(Stored dataset items)
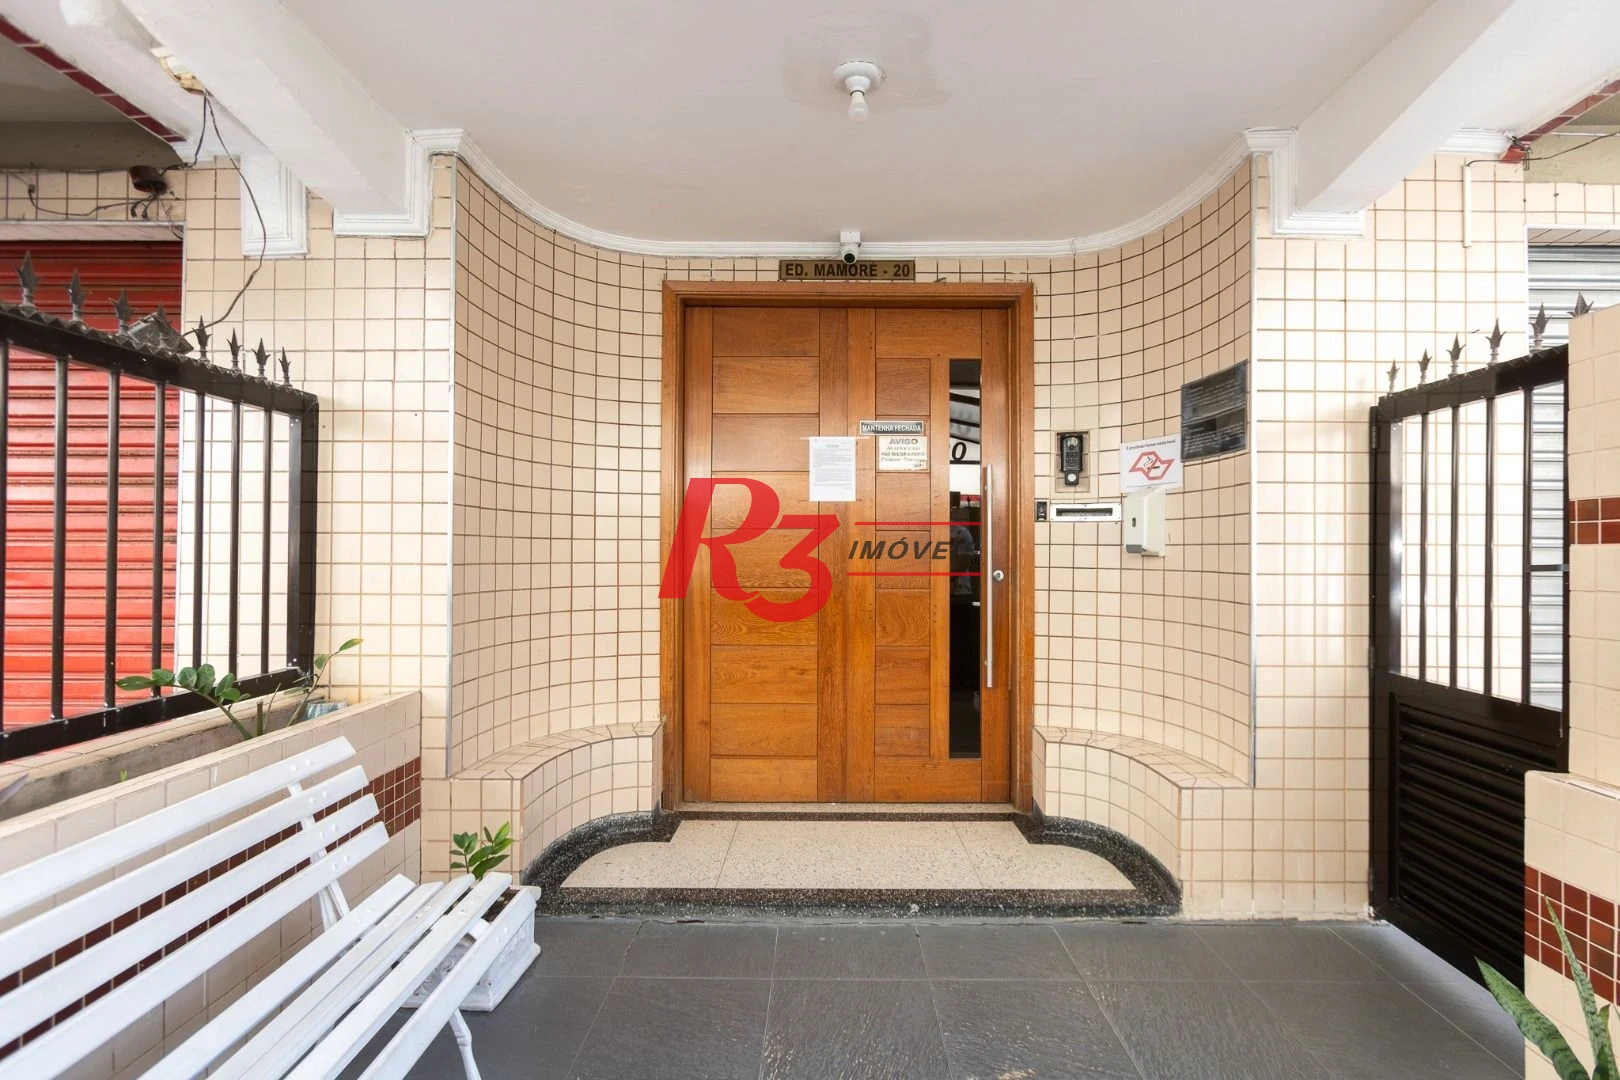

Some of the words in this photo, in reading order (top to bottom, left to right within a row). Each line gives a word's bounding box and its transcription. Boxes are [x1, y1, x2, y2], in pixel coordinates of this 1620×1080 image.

[785, 263, 808, 277] ED.
[893, 263, 910, 277] 20
[862, 424, 893, 432] MANTENHA
[894, 424, 921, 432] FECHADA
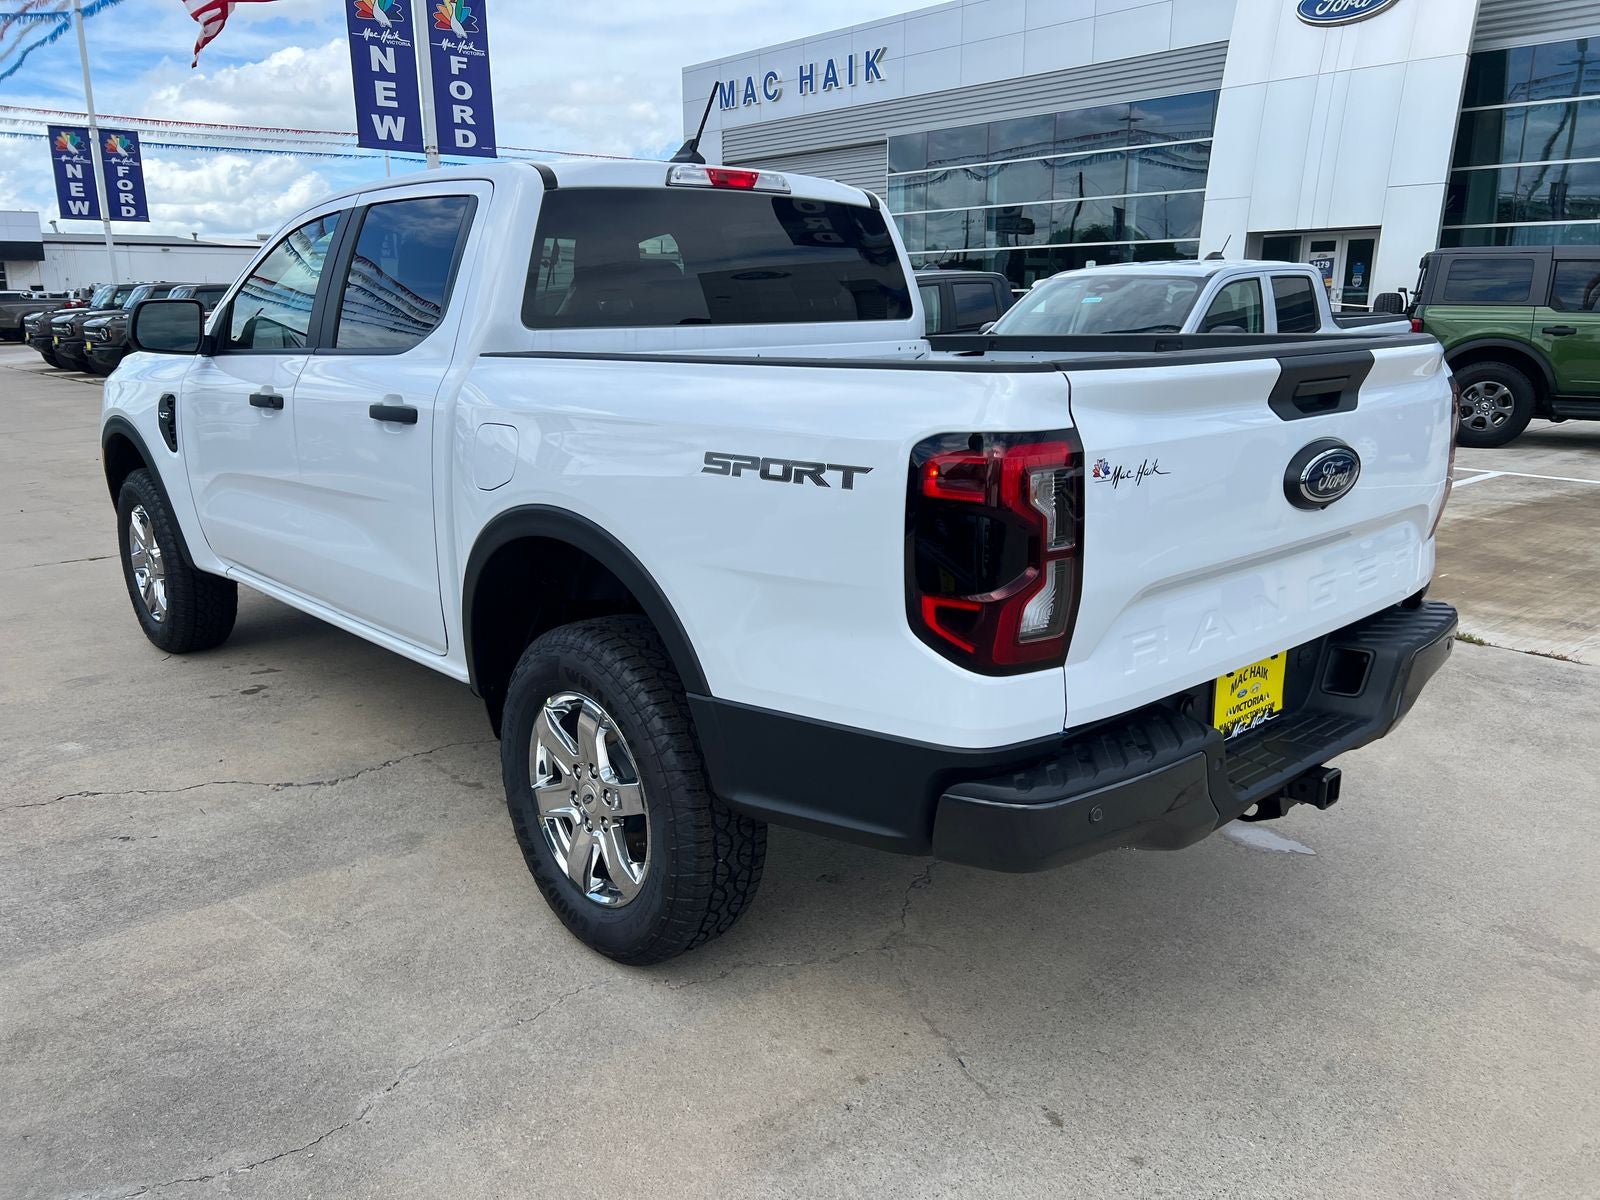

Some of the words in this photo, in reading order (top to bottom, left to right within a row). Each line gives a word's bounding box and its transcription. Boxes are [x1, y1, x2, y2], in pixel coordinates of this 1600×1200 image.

▶ [What is needed]: Each record above should be returned unchanged, except that the pictures are dropped.

▶ [Response]:
Some of the words in this photo, in reading order (top to bottom, left to right within a row). Each line gives a word's bounding box and its transcription. Boxes are [x1, y1, x2, y2], in pixel coordinates of this 1620×1080 image.

[785, 263, 808, 277] ED.
[893, 263, 910, 277] 20
[862, 424, 893, 432] MANTENHA
[894, 424, 921, 432] FECHADA

Some of the words in this photo, in reading order (top to bottom, left to right within a row). Each line gives a word's bounding box and its transcription. Boxes are [x1, y1, x2, y2], in pixel coordinates of this 1600×1200 image.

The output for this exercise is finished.